There are also plenty of movies coming out this summer that were originally novels. The Help, due out August 12 starring young rising star Emma Stone and Academy Award nominee Viola Davis, is a previous New York Times Best Seller written by Kathryn Stockett, which tells the story of race relations in southern Jackson, Mississippi in the early 1960s from the perspective of three very different women.  At 444 pages, The Help provides both insight and entertainment for its readers.
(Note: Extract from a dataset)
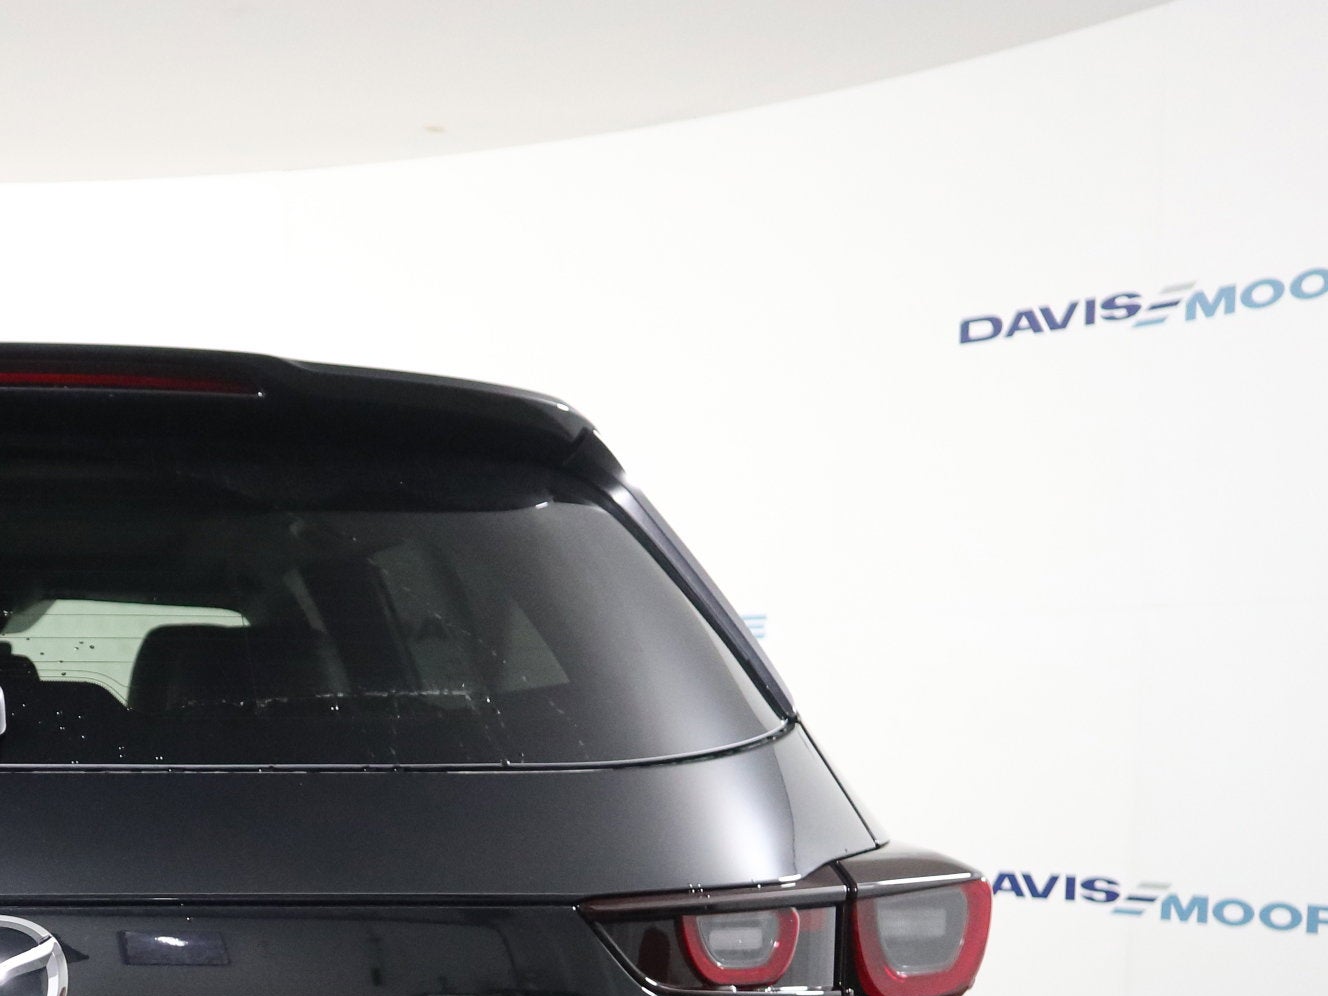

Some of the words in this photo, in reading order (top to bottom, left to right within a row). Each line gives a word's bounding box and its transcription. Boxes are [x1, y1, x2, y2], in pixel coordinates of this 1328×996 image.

[960, 291, 1142, 344] DAVIS
[1184, 268, 1328, 321] MOO
[992, 872, 1120, 903] AVIS
If the movies aren’t for you, there are always books on television. What many people don’t know about the popular HBO series, True Blood, the series starring Hollywood favorites Anna Paquin, Stephen Moyer and Alexander Skarsgård that plays into America’s recent supernatural obsession, was developed from an 11 part series written by Charlain Harris. Each season of the raunchy, envelope-pushing series is derived from one of the books. The relatively short and fantastical books are the perfect beach books. And Harris isn’t even done publishing yet!

Whether or not you want to see the movie or watch the show, the most important thing about summer break is to keep reading! These are just a few suggestions of novels to check out in the next few months. Not only does reading keep you aware and prepared to hop back into schoolwork come fall semester, but it’s entertaining as well!